Once a satisfactory dataset and visualizations have been constructed and are approved by our domain expert, it is time to deploy and publish them on the tracker tool web page. We used several open source technologies and a simple architecture for automating the data processing pipeline with a Streamlit application.
The major modules within the application are:
- Data collection: This module will monitor new file updates on Redfin’s data center, download the data from their S3 public bucket, and optimize the file by filtering out unnecessary data for the application.
- Data understanding & preparation: The new dataset can be compared with historical datasets to interactively explore their differences and find new features available for visualization.
- Data evaluation: To assess the quality of the data, some verifications are automated through alerts on missing data and possible data drifts present on the new update.
- Data deployment: We are using flourish to publish our visualizations online. The application can generate the necessary data to be imported and published on the real estate tracker charts.
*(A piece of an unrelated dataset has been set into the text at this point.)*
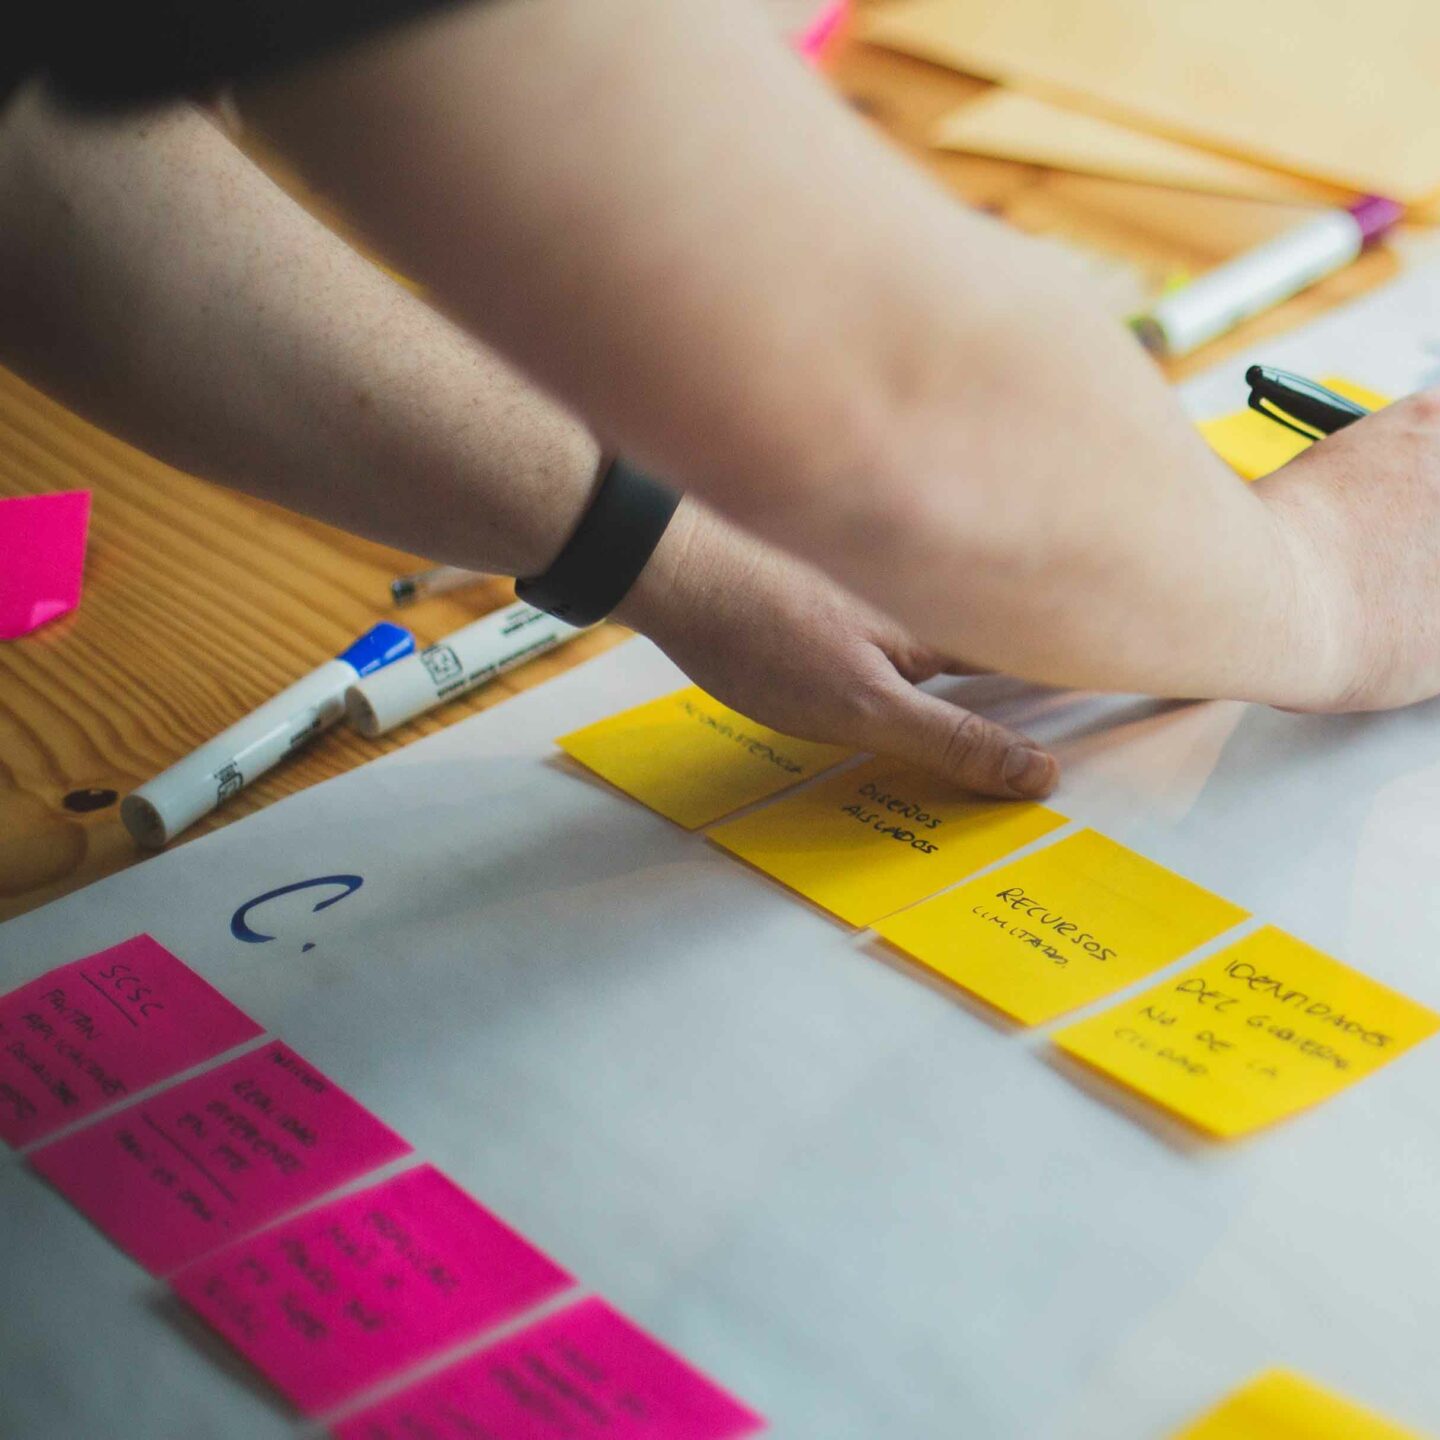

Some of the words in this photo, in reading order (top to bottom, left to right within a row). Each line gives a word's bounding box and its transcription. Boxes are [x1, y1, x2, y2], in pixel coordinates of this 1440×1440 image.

Finally, the published charts can be embedded on any web page or blog.
The Streamlit application is dockerized so it can be easily deployed in the cloud. A good alternative is using ContainDS that builds on top of Docker to deploy dashboards locally and free of charge.
Once the visualizations are available online, it is time for storytelling with data! Take a look at one of Mike’s recent Inman webinars, telling stories enriched by the real estate tracker insights.
Final thoughts and concluding remarks
We have shown how an evidence-based analysis can enhance business storytelling through data visualizations—even more so on uncertain scenarios. In this particular case, we collaborate with an industry expert to quantify the impact of COVID-19 on U.S. real estate markets.
The global pandemic has suddenly accelerated the need for industries to transform and respond to an unprecedented change in customer behavior and market risks. In the case of real estate, the new iBuyer business model is uniquely positioned to thrive in a world of social distancing. Mike describes the model’s unintended advantages with its value proposition of no open homes, self-guided home tours, and no in-house repairs. Furthermore, the iBuyer pricing strategy strives for a fair market offer through the combination of local real estate expertise and the most current market data analytics. In these unexplored waters, where the tides continue to shift, it’s not surprising that data science and machine learning, widely recognized for its analytical and predictive abilities, has become an essential navigational tool.